Sabores entre Cuenca y Quito

Las colaboraciones en la gastronomía son ejercicios de riesgo y recompensa. Cuando los platos y las ideas se ejecutan con precisión y pasión, el resultado es una cena que deja huella. Esto fue lo que sucedió en la reciente unión de los restaurantes El Mercado de Cuenca y el Restaurante de Casa Gangotena en Quito, una experiencia donde el sabor y la técnica marcaron el camino.

La cena fue una declaración de intenciones desde el primer momento. Cada ingrediente seleccionado hablaba de identidad, cada plato estaba cargado de historia y cada bocado se sentía como una exploración de Ecuador en su estado más puro. La remolacha, por ejemplo, trascendió su papel de ingrediente para convertirse en una representación de las rosas andinas, ese símbolo tan presente en nuestras tierras y exportado al mundo. El gazpachuelo cítrico con mariscos, sin miedo a exagerar, se llevó los aplausos de la noche. Hasta ahora, es uno de los mejores platos de mariscos que he probado, un equilibrio perfecto entre frescura, profundidad y técnica impecable.
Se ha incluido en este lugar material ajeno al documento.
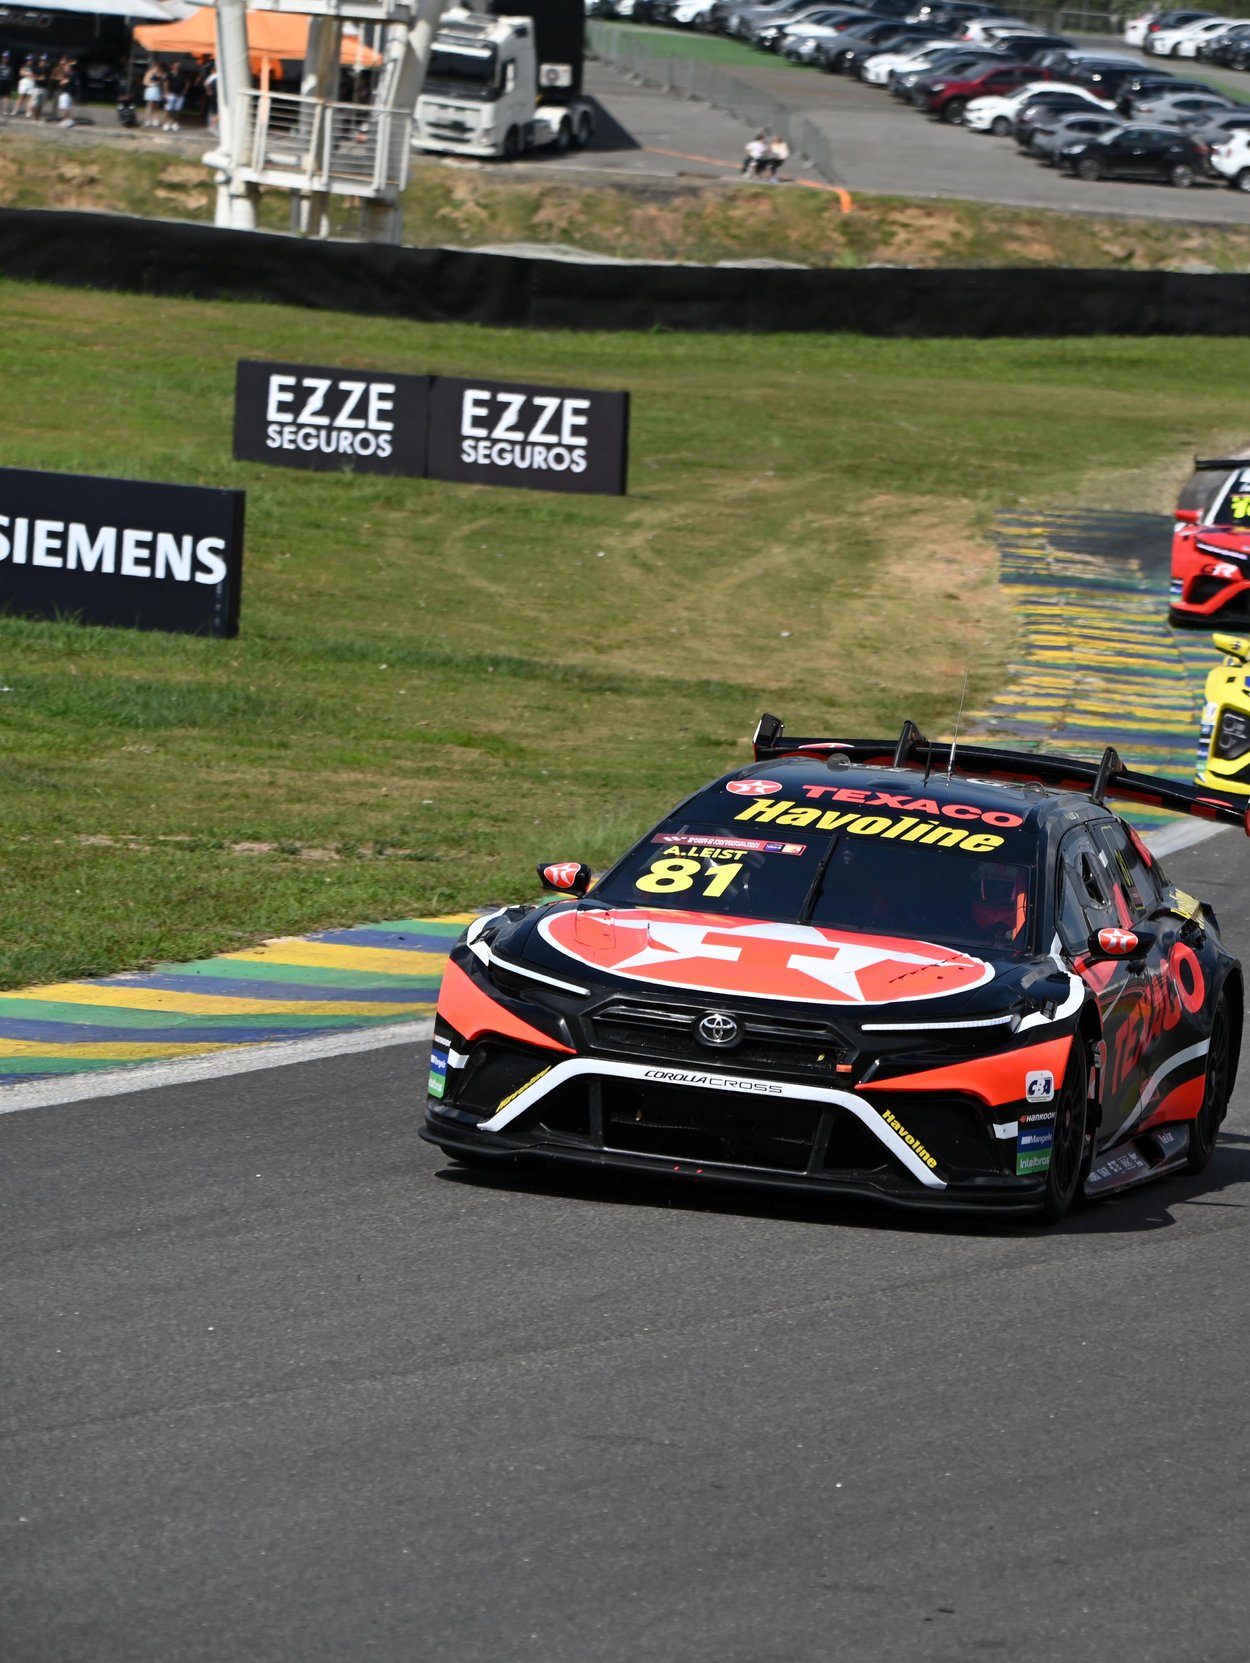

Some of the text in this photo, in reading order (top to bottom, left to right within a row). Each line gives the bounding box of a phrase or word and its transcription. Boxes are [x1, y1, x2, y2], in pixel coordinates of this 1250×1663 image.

El chocolate se encontró con el cerdo en una combinación que resaltó umami y textura. El hongo ostra, siempre un desafío en la alta cocina, logró encajar en la cena con un protagonismo intenso. El pato criollo se presentó con una ejecución que respetó su sabor y lo elevó con contrastes precisos. Y en un giro inesperado, la sandía, con su frescura y dulzura, apareció en el menú con el impacto que solo una buena conceptualización puede lograr.

Pero si la cena necesitaba un cierre perfecto, lo tuvo. Palo santo, café y aire de mar fueron los encargados de cerrar la noche con una nota que combinó lo ritual con lo sensorial. Un postre que no solo sabía bien, sino que transportaba a las islas de donde lo sacaron, Las Galápagos.

El maridaje fue casi perfecto, acompañando y potenciando cada plato con selecciones que no se limitaron a lo clásico. Casi todos los vinos y bebidas elegidas permitieron que cada ingrediente brillara sin robar protagonismo. Es un aspecto que suele descuidarse en cenas colaborativas, pero aquí fue tratado con la misma atención que los platos mismos.

No quiero quedarme sólo en los pasos de la cena. Lo que realmente celebro y agradezco es ver cómo la gastronomía ecuatoriana sigue encontrando formas de unirse, de mezclar propuestas y de salir de lo habitual. Que un restaurante con una fuerte identidad cuencana como El Mercado viaje a Quito para construir un menú junto a Casa Gangotena habla de una voluntad de intercambio que es necesaria para que nuestra cocina siga creciendo.

Y precisamente Casa Gangotena, con su ubicación privilegiada en el Centro Histórico de Quito, fue el escenario perfecto para esta cena. Su elegancia, su historia y su ambiente aportaron a la experiencia un matiz que pocas locaciones pueden dar. Su cocina, a cargo de José Tamayo, ha logrado consolidarse como un referente de la gastronomía quiteña contemporánea, fusionando productos autóctonos con técnicas modernas. Por su parte, El Mercado, bajo la dirección de José Luis Rodríguez, ha sabido construir una identidad gastronómica fuerte en Cuenca, apostando por ingredientes locales y procesos que resaltan el valor del producto.

Ambos chefs, junto a sus equipos, fueron los cerebros y las manos detrás de esta noche. No sólo llevaron adelante una cena bien ejecutada, sino que recordaron por qué los restaurantes que representan tienen el nombre y prestigio que tienen. Eventos como este refuerzan la idea de que la gastronomía ecuatoriana sigue evolucionando y que la colaboración entre propuestas es una de las vías más efectivas para explorar nuevas fronteras de sabor y técnica.

La idea de juntar dos ciudades con tradiciones culinarias distintas y hacerlas dialogar en un menú es un ejercicio de creatividad que merece reconocimiento. Además, refuerza la idea de que Ecuador tiene un potencial gastronómico enorme que solo necesita espacios como este para demostrarlo.